Judicial Activism Judicial Activism: in general, all judges more or less endorse the norms of self-restraint but “activists” feel less strictly bound by them. –The judiciary is co-equal to other branches, so judges should not be especially deferential. –Judges have special competence in interpreting laws and the Constitution. –Judges should be willing to substitute their constitutional judgments for those of elected officials, especially in federalism cases (one elected body vs. another), to protect fundamental rights from “majority tyranny,” to protect the rights of political/ethnic/religious/etc. minorities (who may not fare well in democratic elective politics), and to protect the democratic process itself (e.g., the apportionment decisions). –Judges should be willing to overrule mistaken precedents and adapt their interpretations of the Constitution to changing times.

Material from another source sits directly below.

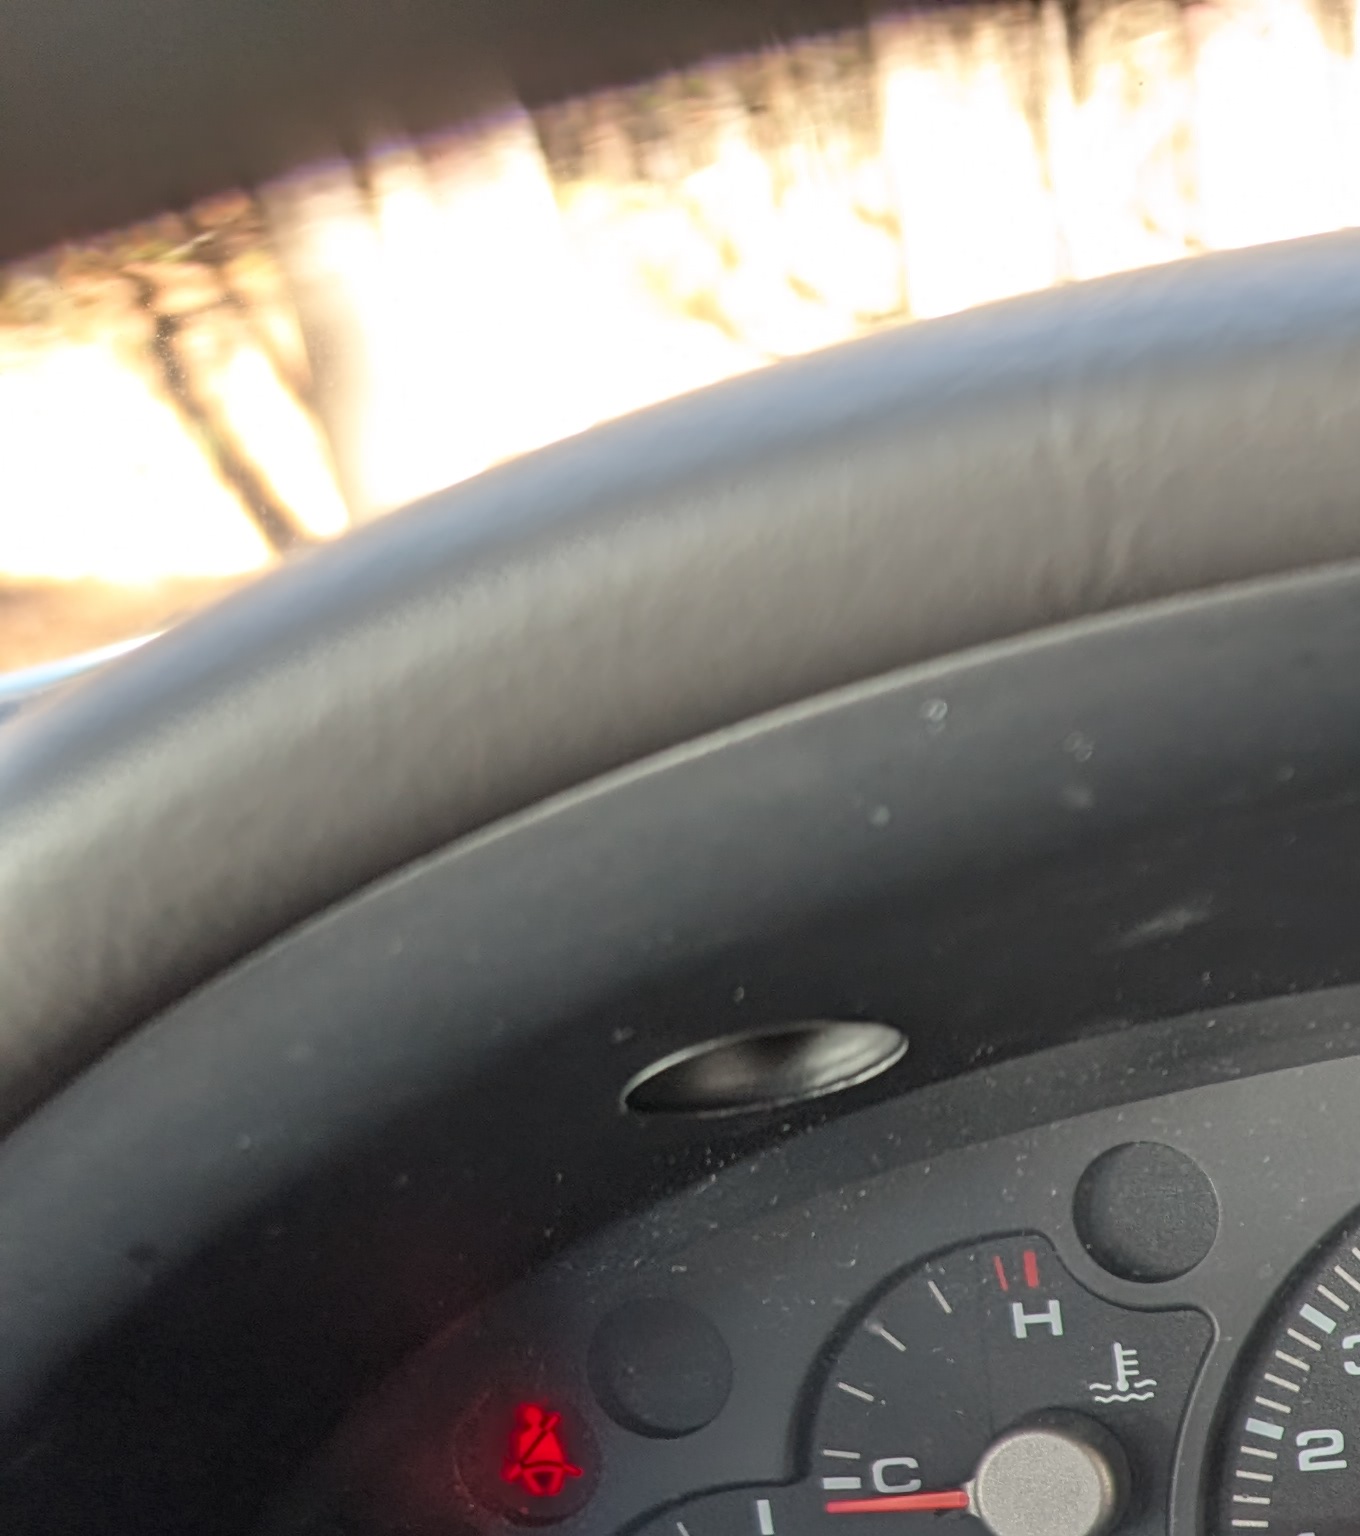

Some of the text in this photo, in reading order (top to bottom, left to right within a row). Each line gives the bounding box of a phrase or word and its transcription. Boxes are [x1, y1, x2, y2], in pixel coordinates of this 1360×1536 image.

Judicial Self-Restraint vs. Activism Today these conflicting (and enduring) postures are sometimes characterized as –Strict construction / original intent: Look only at the literal meaning of the words in the Constitution and/or evidence of the intent of the framers (and ratifiers) –vs. loose construction / evolving interpretation: The Constitution is a flexible and evolving document whose operational meaning changes as society changes. For example, what are the implications of the Freedom of the Press clause of the First Amendment for movies, television, and the internet? Judicial self-restraint vs. activism (and strict vs. loose construction) is not necessarily a “conservative” vs. “liberal” conflict. –Yes, there was the “liberal activist” Warren Court of the 1950s and 1960s. –But (as we shall see) there have been “conservative activist” courts in the past (and in increasing respects that label characterizes the contemporary SC).

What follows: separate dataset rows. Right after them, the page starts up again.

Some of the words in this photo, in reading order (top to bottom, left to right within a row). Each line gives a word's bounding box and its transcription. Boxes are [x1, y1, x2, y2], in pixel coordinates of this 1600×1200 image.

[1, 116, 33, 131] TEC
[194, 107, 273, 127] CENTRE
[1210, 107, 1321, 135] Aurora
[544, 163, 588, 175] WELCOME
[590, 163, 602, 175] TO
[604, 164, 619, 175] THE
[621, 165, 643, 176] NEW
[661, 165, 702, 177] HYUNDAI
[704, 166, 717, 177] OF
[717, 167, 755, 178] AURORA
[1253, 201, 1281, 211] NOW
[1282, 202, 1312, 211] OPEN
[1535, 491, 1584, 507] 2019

Judicial Self-Restraint vs. Activism (cont.) In general, there’s a lot of hypocrisy in political arguments about judicial review. For example, on the “conservative” [strict construction] side: –the federal courts were insufficiently activist in the Terri Schiavo case –approval of Bush v. Gore decision [a seeming highpoint of judicial activism] –seek to overrule the Roe v. Wade [abortion] precedent. For example, on the “liberal” [evolving Constitution] side: –Row v. Wade has “woven itself into the fabric of social life and legal arrangements,” so the courts should not upset this precedent. –But Plessy v. Ferguson [racial segregation is OK] likewise was woven into the fabric of social life and legal arrangements [in the South].